Actor Leonard Nimoy, best known for the role of Spock on “Star Trek,” died last Friday at the age of 83.
Several days before his death, Nimoy who announced last year that he had Chronic Obstructive Pulmonary Disease - COPD — shared these words with his million-plus Twitter followers. “A life is like a garden. Perfect moments can be had, but not preserved, except in memory. LLAP”
The actor almost always ended his tweets with “LLAP,” shorthand for “Live Long And Prosper,” the Vulcan saying that became Spock’s — and, thus, Nimoy’s own — catchphrase. “Live long and prosper”
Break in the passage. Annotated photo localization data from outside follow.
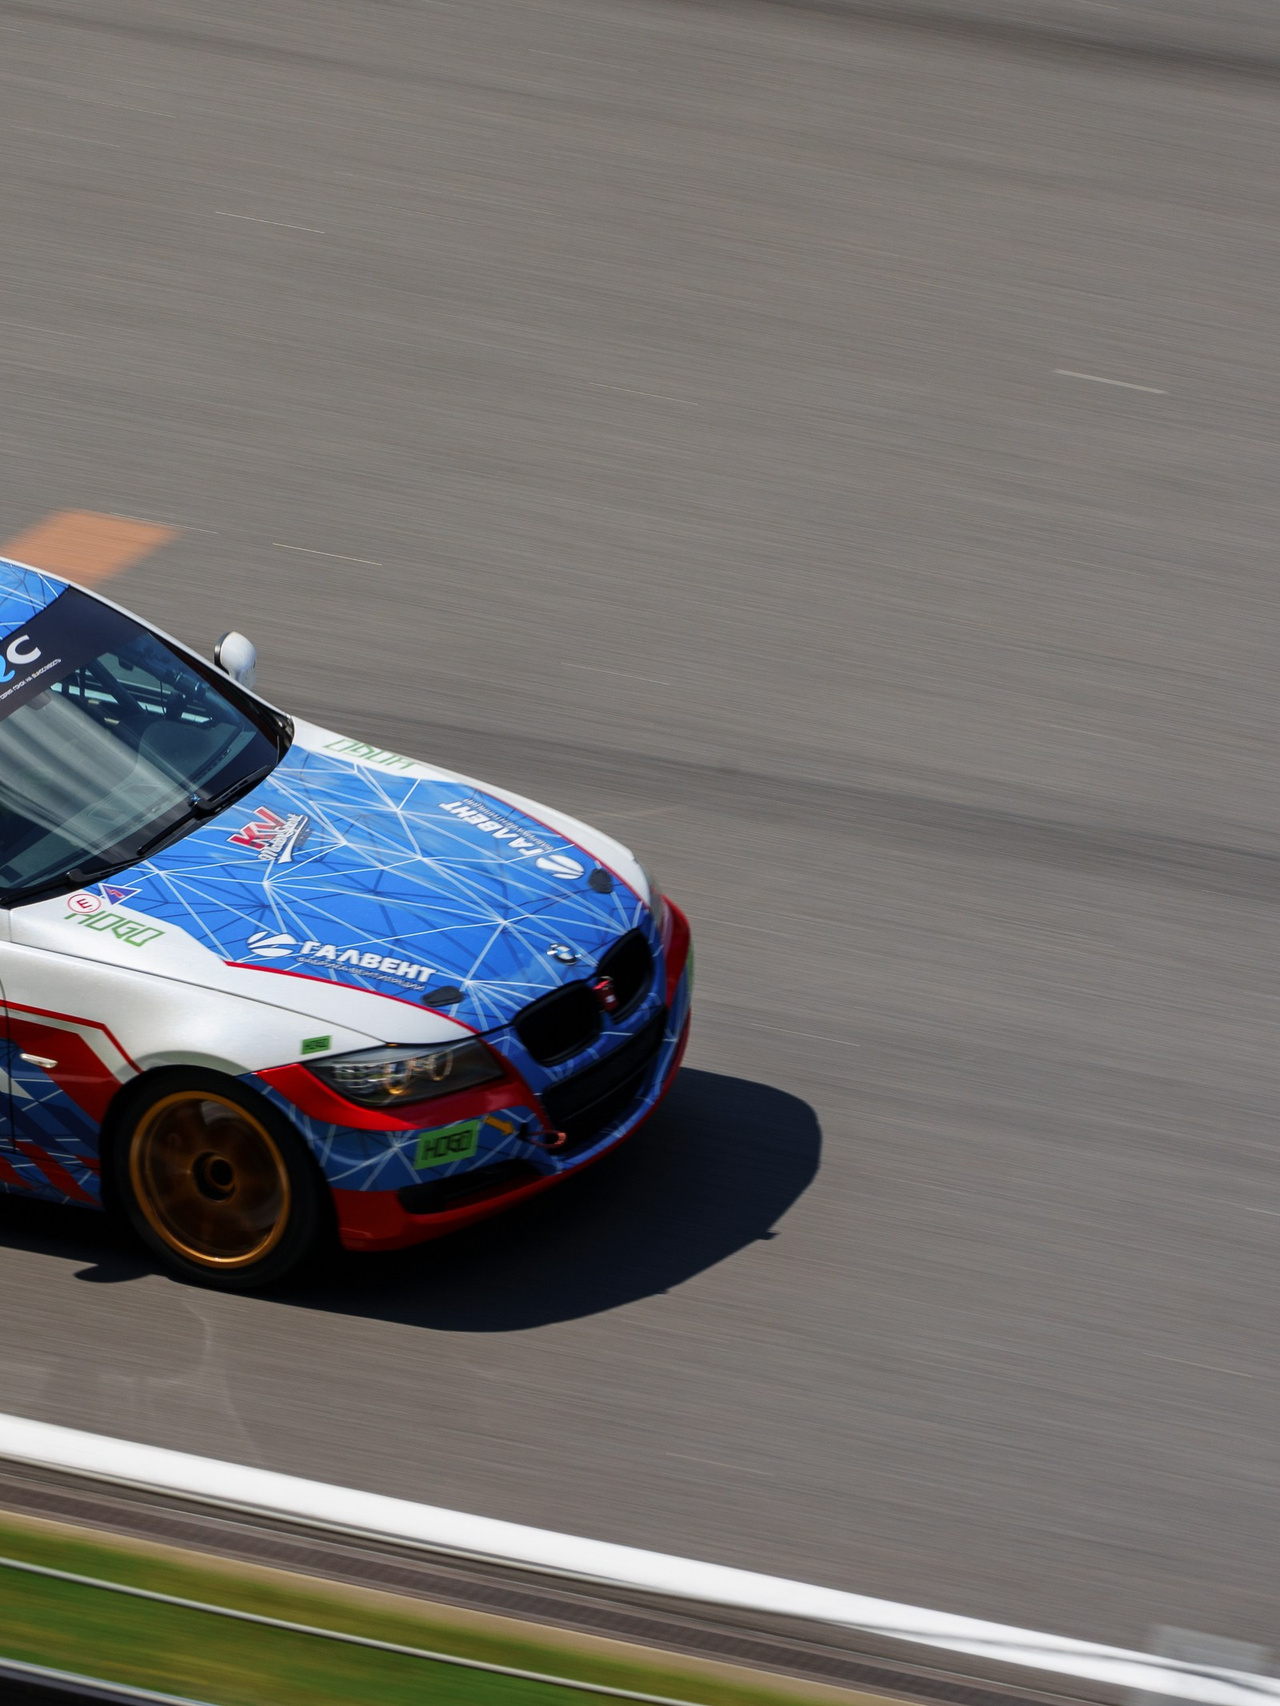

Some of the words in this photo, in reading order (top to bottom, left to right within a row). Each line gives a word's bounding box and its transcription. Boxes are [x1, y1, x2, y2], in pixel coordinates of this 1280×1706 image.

[226, 806, 287, 851] KV
[438, 801, 544, 856] ГАЛВЕНТ
[63, 910, 166, 947] HOGO
[300, 940, 437, 983] ГАЛВЕНТ
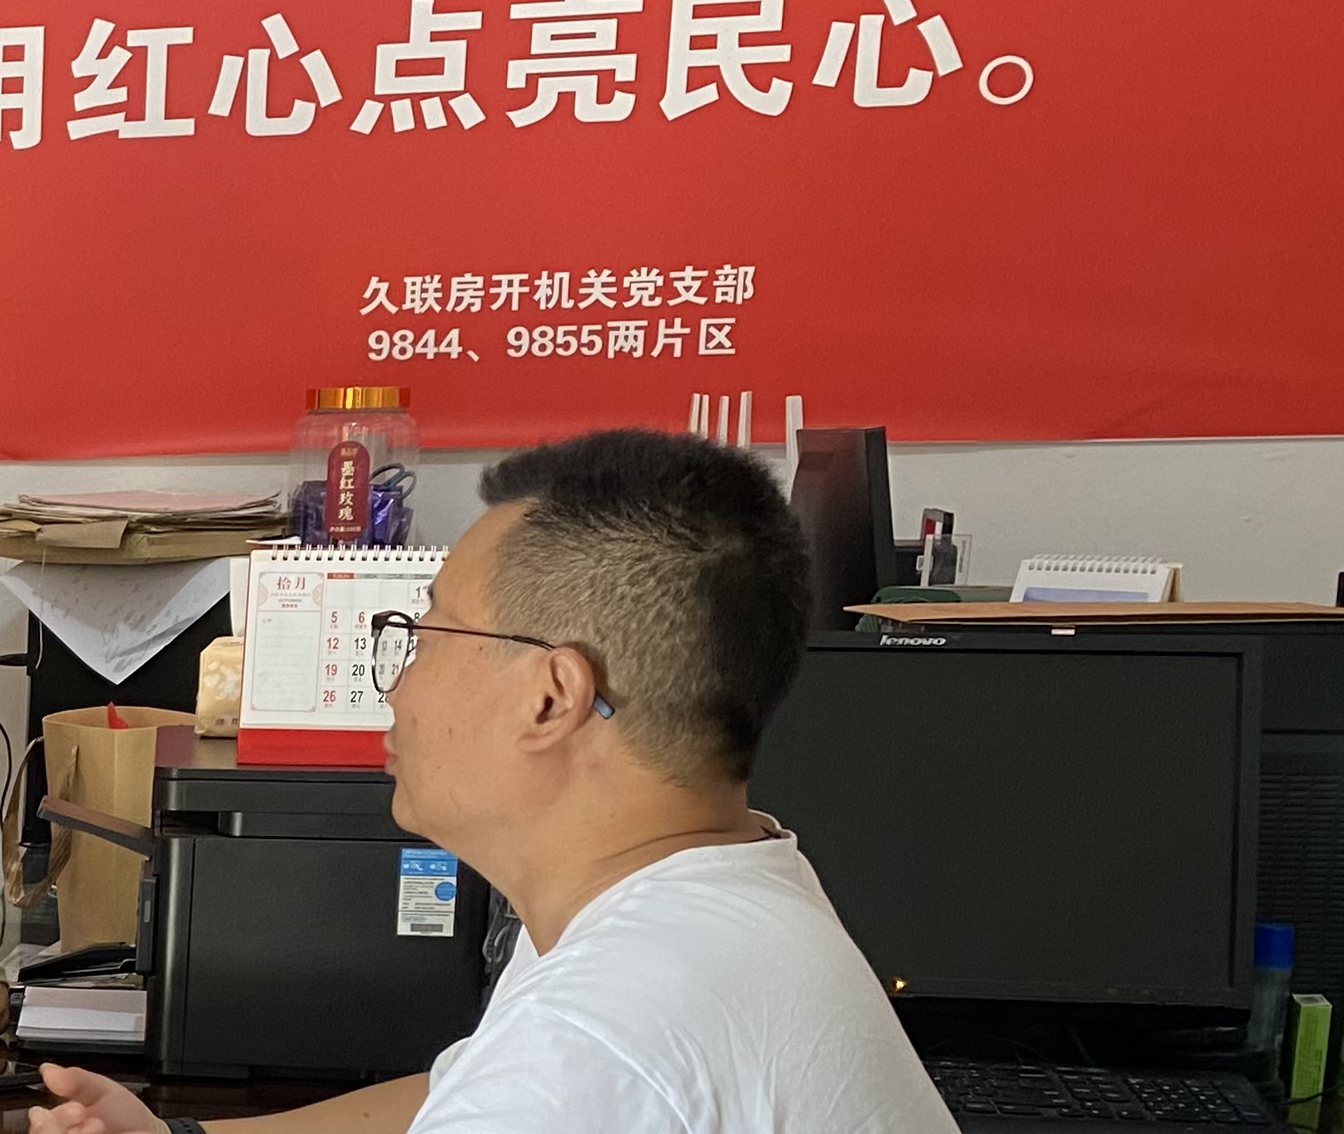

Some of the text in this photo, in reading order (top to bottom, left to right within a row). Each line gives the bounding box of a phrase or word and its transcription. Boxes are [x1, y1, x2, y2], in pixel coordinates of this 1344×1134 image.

In his autobiography “I Am Not Spock”, Nimoy wrote that he came up with the Vulcan greeting based upon an experience he had growing up Jewish in Boston. Going to temple with his father and uncle he would hear the Rabbis offer the blessing in Yiddish in the midst of Orthodox Jewish services. The rabbis would raise both hands extended to heaven, fingers spread between the middle and ring fingers representing the Hebrew letter Shin. The letter Shin begins the words El Shaddai, meaning "Almighty, as well as Shekinah, the glorious dwelling presence of our awesome God. No one was to look up while this blessing was being given because the glory of the Lord was too intense for anyone to for one to see.
In the New Testament were are told that Jesus Christ is the dwelling place of God’s glory. Colossians 2:9 says “in Christ all the fullness of the Deity lives in bodily form,” causing Jesus to exclaim to Philip, “Anyone who has seen me has seen the Father” John 14:9. In Christ, we see the visible manifestation of God Himself in the second person of the Trinity who offers us “life abundant and life to the fullest” John 10:10.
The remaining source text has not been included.